First, the interrogation techniques described in these memos have already been widely reported. Second, the previous Administration publicly acknowledged portions of the program – and some of the practices – associated with these memos. Third, I have already ended the techniques described in the memos through an Executive Order. Therefore, withholding these memos would only serve to deny facts that have been in the public domain for some time.

It’s crucial that the truth get out because the truth is already out???

In actuality, it is important that the memos were released, but for reasons that don’t particularly interest Obama. They completely vindicate CIA interrogators and expose the hysteria of anti-Bush fanatics. Try not to weep for your country’s lost ideals as you read this:

The memos show that Justice Department lawyers authorized the Central Intelligence Agency to use such techniques as sleep deprivation, facial slaps and placing one high-ranking al-Qaeda suspect in a cramped box with what he was told was a stinging insect.

That, ladies and gentlemen, is what supposedly made America the moral equivalent of al Qaeda. Do you suppose that if Barack Obama could get a guarantee that American captives of terrorists would from now on be subjected to no more than the above, he would waste a second in okaying it?

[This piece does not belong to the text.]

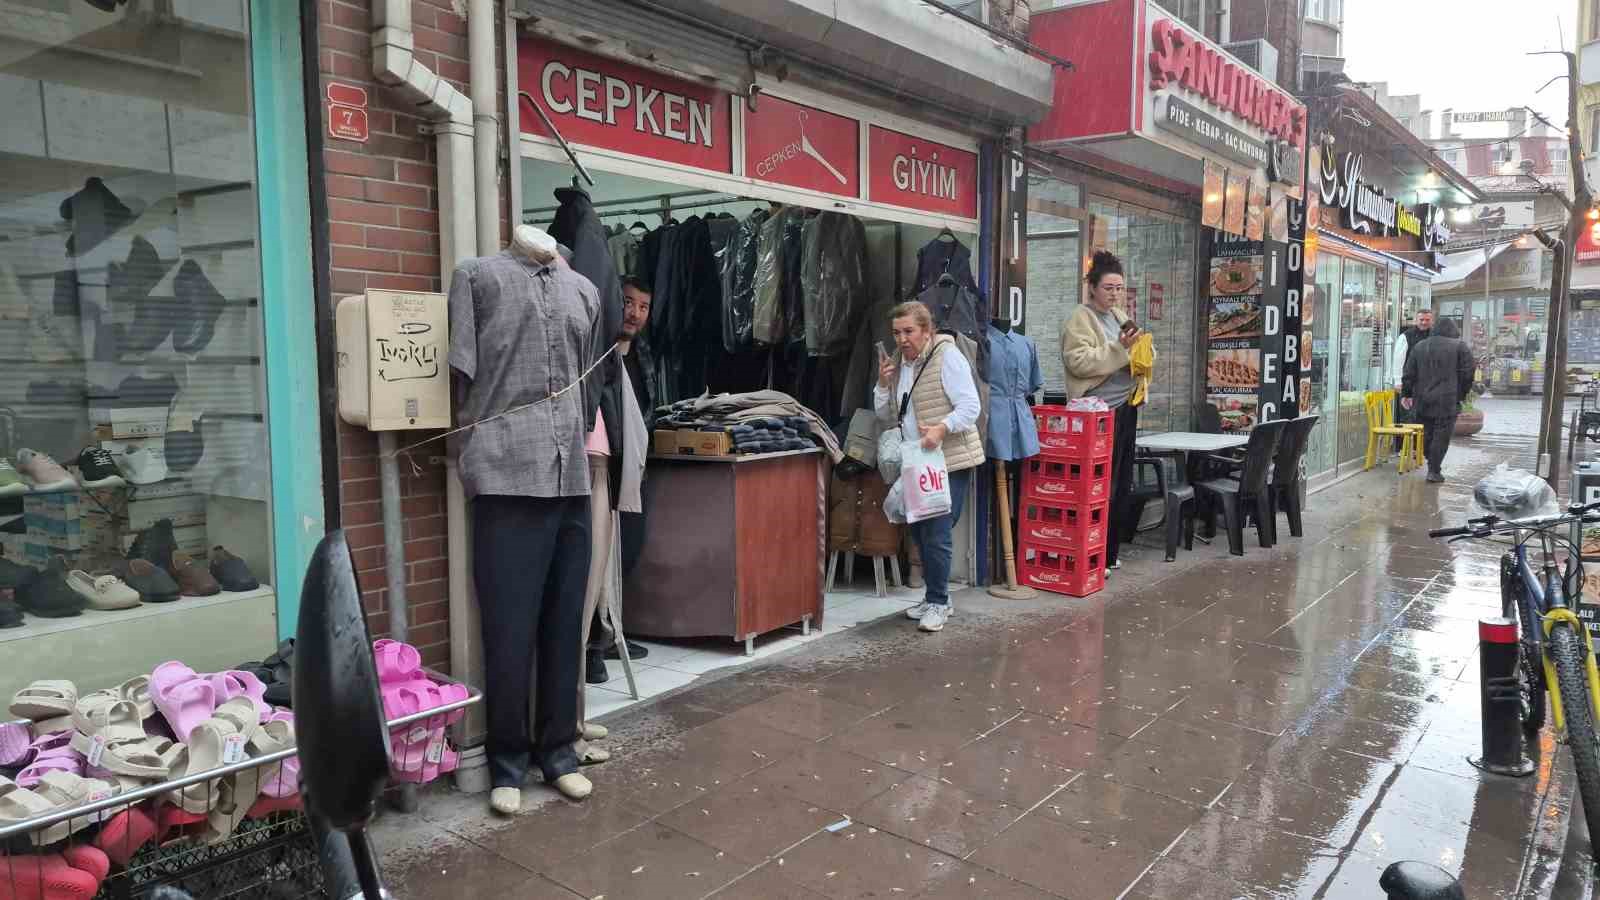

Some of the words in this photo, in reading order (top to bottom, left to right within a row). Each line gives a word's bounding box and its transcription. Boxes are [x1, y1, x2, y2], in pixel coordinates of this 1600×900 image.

Slapping is a nasty business, but if you tell me it’s torture I’ll slap myself to make sure I’m awake. Though chances are I am, seeing as I’m regularly sleep-deprived. And confession by bee sting simply must be used in the next Austin Powers movie.

Nevertheless, Obama describes it all as “a dark and painful chapter in our history.” This is national security as farce. Here’s what gives the game away: in Obama’s statement we read, “In releasing these memos, it is our intention to assure those who carried out their duties relying in good faith upon legal advice from the Department of Justice that they will not be subject to prosecution.”

What’s the sentence for assault with an imaginary insect, anyway?